Basic Earnings Per Share
               
As reported
  $ 2.17     $ 3.27  
Add: Goodwill amortization
    .20       .01  
 
 
   
 
As adjusted
  $ 2.37     $ 3.28  
 
 
   
 
Diluted Earnings Per Share
               
As reported
  $ 2.16     $ 3.27  
Add: Goodwill amortization
    .20       .01  
 
 
   
 
As adjusted
  $ 2.36     $ 3.28  
 
 
   
 

In connection with the adoption of SFAS No. 142, we also reassessed the useful lives and the classification of identifiable intangible assets and determined that they continue to be appropriate. Our intangible assets consist primarily of software and are subject to amortization. Intangible assets amortization expense was $46 million in 2002 and $48 million in 2001. There were no material acquisitions of intangible assets during 2002. The gross carrying amount and accumulated amortization of intangible assets at December 31, 2002 were $519 million and $313 million, respectively. Amortization expense of intangible assets is estimated to be $46 million annually for 2003 through 2007.

Asset Retirement Obligations

On January 1, 2003, we adopted SFAS No. 143, “Accounting for Asset Retirement Obligations,” which requires the fair value of an asset retirement obligation be recognized in the period in which it is incurred. It will apply to legal obligations associated with the retirement of long-lived assets resulting from the acquisition, construction, development and (or) the normal operation of a long-lived asset. When a new liability is recorded, an entity will capitalize the costs of the liability by increasing the carrying amount of the related long-lived asset. The liability is accreted to its present value each period, and the capitalized cost is depreciated over the useful life of the related asset. Upon settlement of the liability, an entity settles the obligation for its recorded amount or incurs a gain or loss upon settlement.
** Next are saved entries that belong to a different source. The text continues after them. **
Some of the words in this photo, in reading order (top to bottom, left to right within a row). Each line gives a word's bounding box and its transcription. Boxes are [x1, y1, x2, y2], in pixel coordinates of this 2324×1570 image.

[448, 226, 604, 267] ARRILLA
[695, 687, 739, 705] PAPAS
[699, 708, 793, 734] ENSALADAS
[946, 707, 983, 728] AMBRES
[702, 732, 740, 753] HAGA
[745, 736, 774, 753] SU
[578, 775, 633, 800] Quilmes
We have completed a preliminary review and have identified a legal retirement obligation for the decommissioning costs for our Fermi 2 nuclear plant. To a lesser extent, we have retirement obligations for our synthetic fuel operations, gas production facilities, asphalt plant, gas gathering facilities and various other operations. As to regulated operations, we believe that adoption of SFAS No. 143 results primarily in timing differences in the recognition of legal asset retirement costs that we are currently recovering in rates and will be deferring such differences under SFAS No. 71.
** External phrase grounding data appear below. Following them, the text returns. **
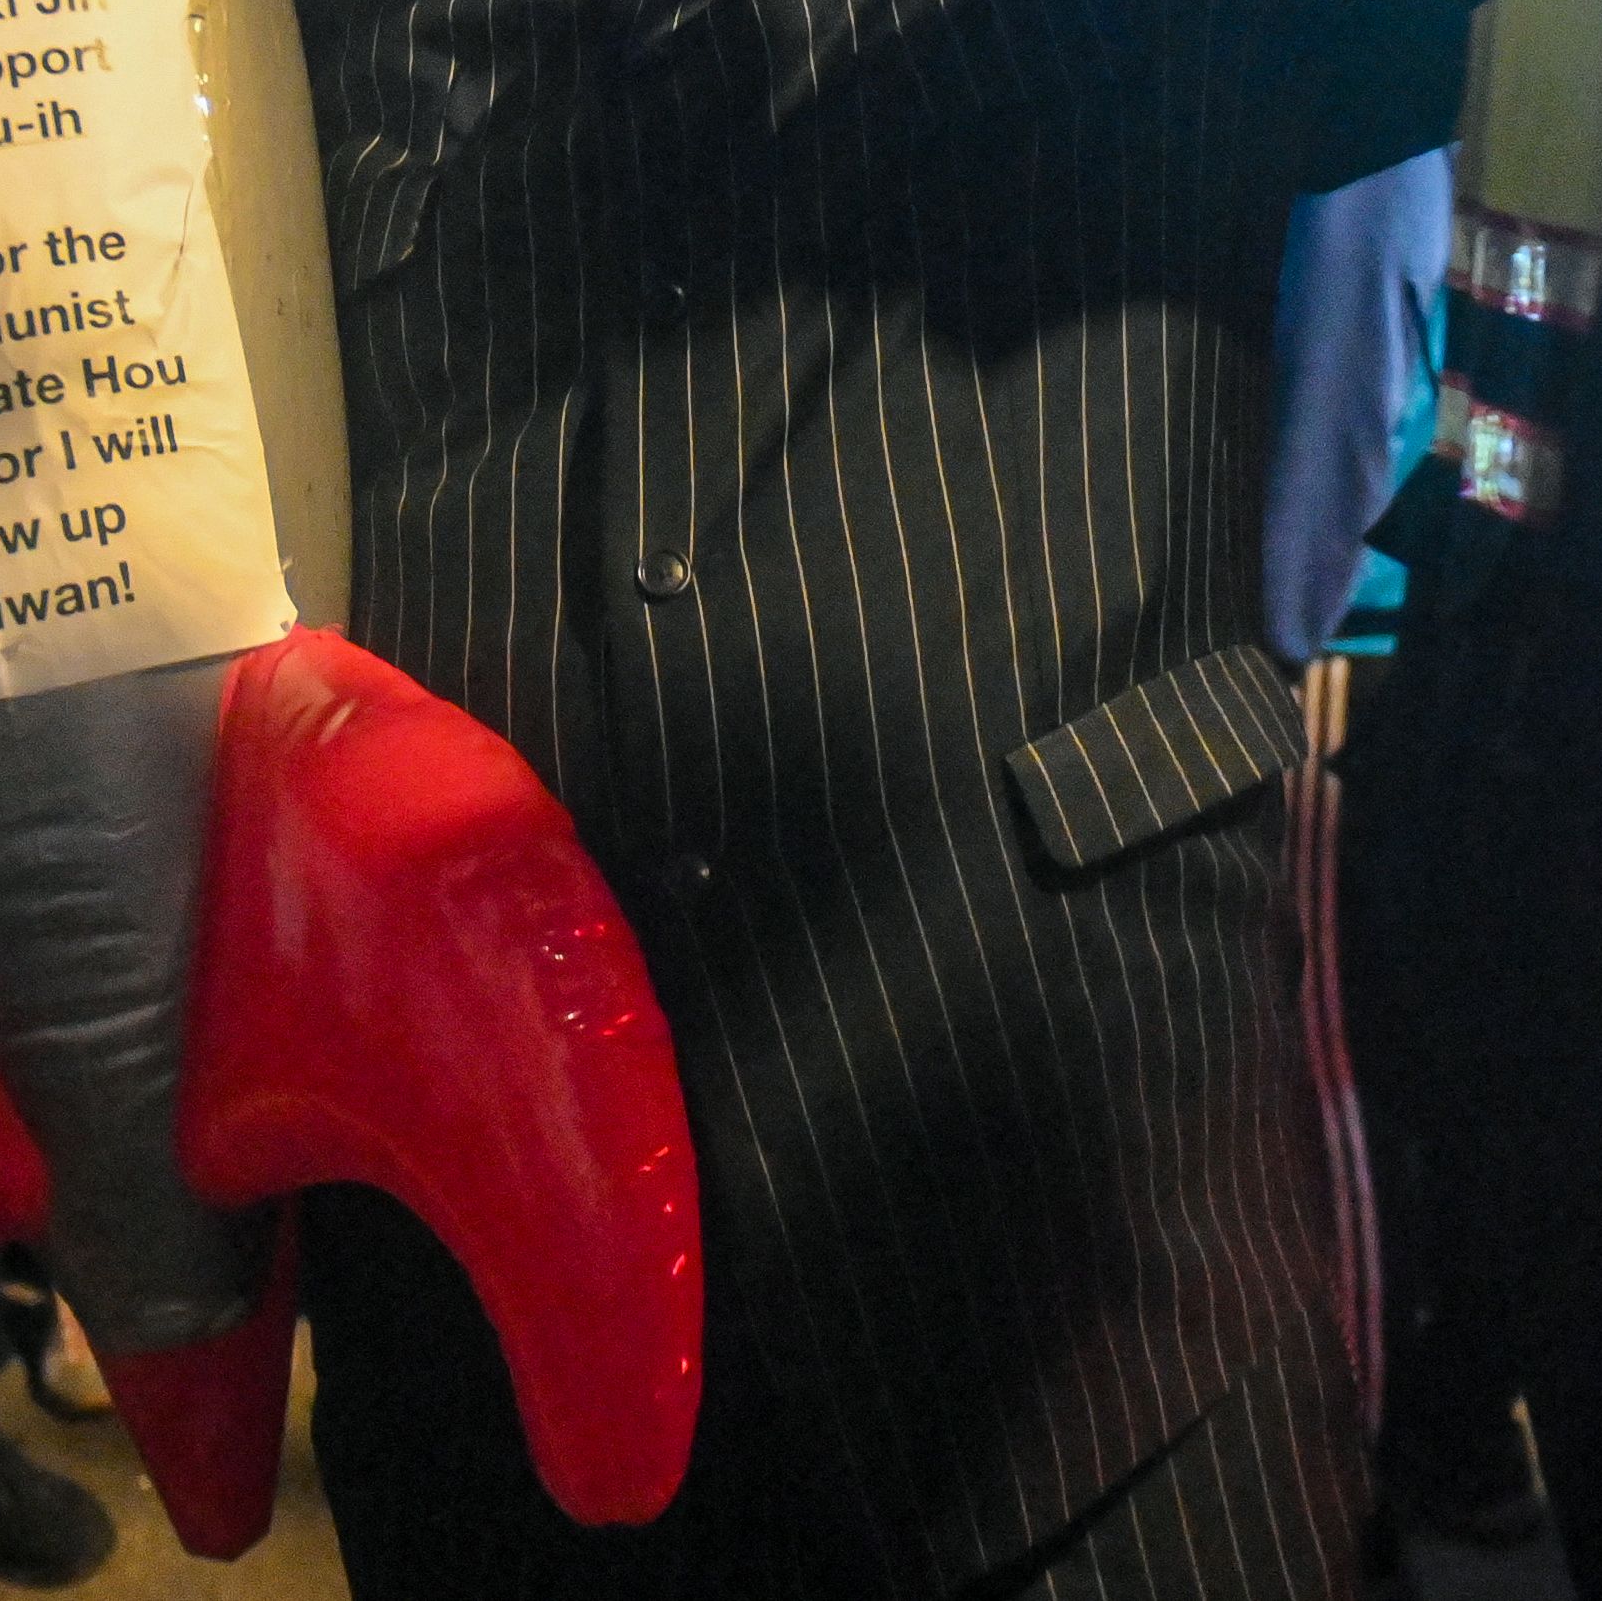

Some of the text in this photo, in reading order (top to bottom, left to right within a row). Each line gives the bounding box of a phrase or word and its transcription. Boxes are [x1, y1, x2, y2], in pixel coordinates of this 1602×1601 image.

[43, 226, 126, 266] the
[82, 355, 187, 397] Hou
[60, 430, 77, 470] I
[92, 414, 179, 464] will
[60, 502, 127, 546] up
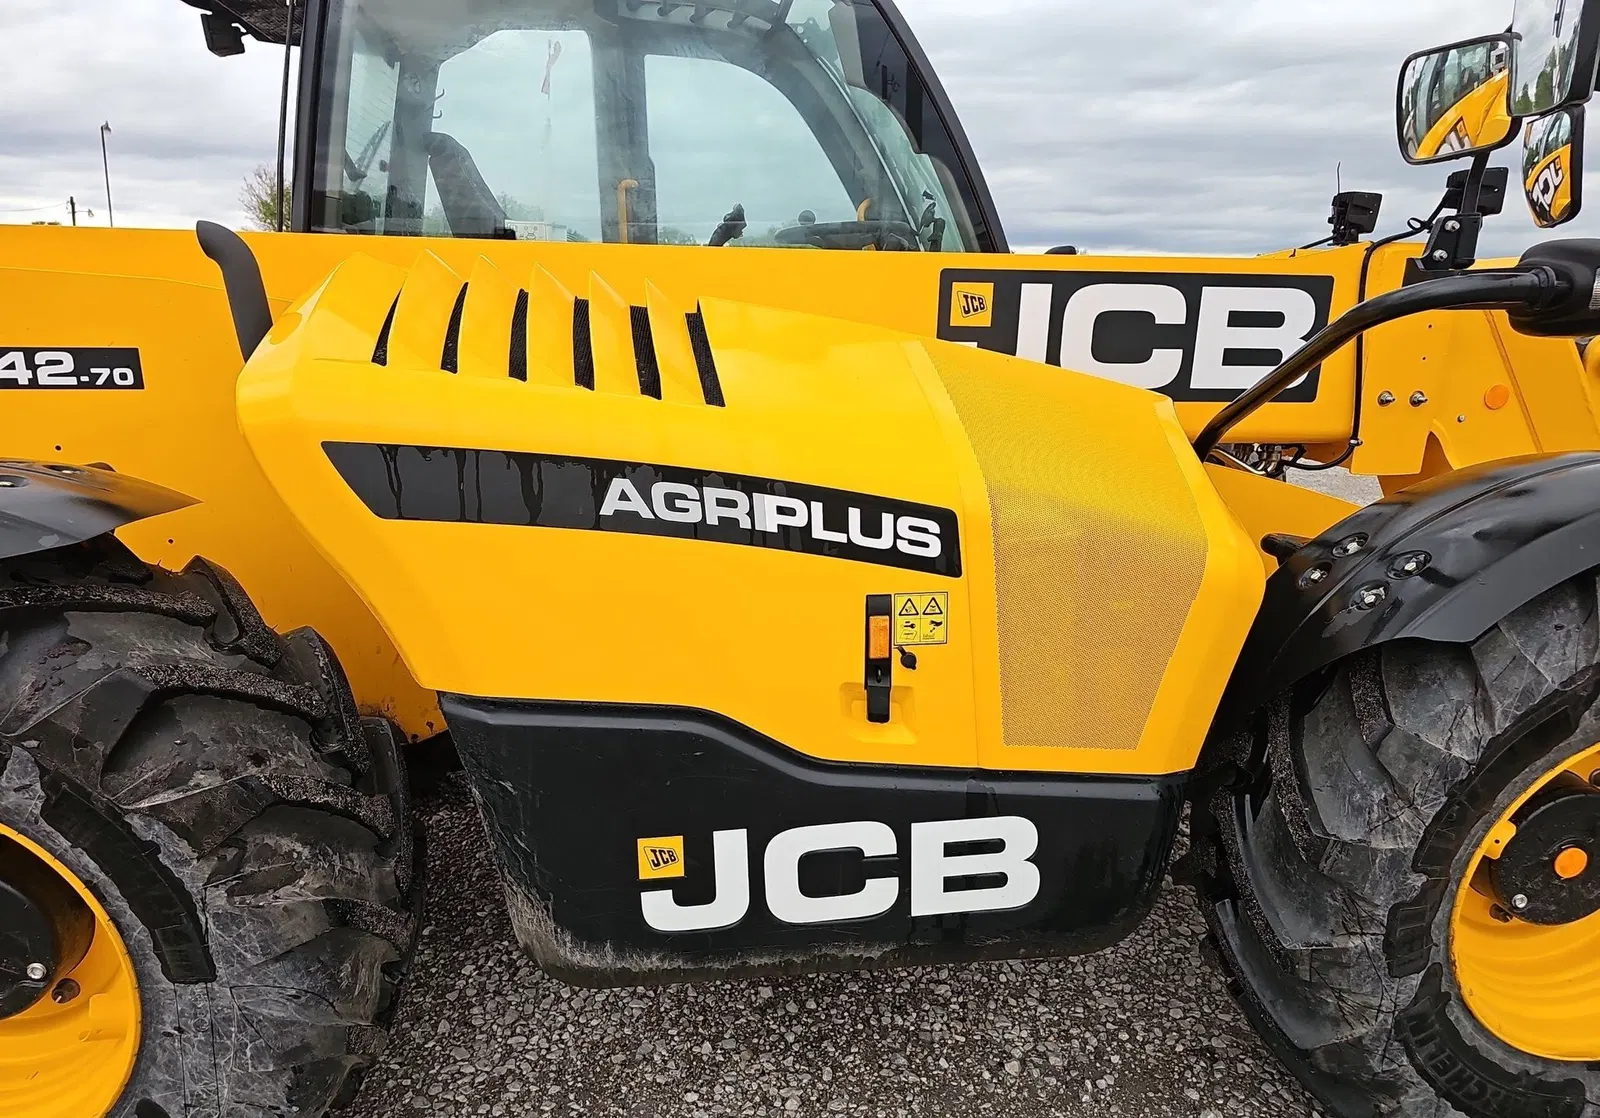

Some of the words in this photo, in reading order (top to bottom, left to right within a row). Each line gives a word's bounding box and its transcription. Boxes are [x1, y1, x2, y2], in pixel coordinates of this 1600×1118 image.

[963, 294, 986, 315] JCB
[599, 477, 943, 558] AGRIPLUS
[640, 815, 1041, 932] JCB
[650, 848, 677, 868] JCB
As a result of adopting SFAS No. 143, we expect to record a capitalized asset of approximately $300 million, a corresponding retirement obligation liability of approximately $500 million, a cumulative effect amount related to regulated operations as a regulatory asset of approximately $200 million, and a cumulative effect charge against earnings of $10 million to $15 million. We will finalize these preliminary estimates in the first quarter of 2003.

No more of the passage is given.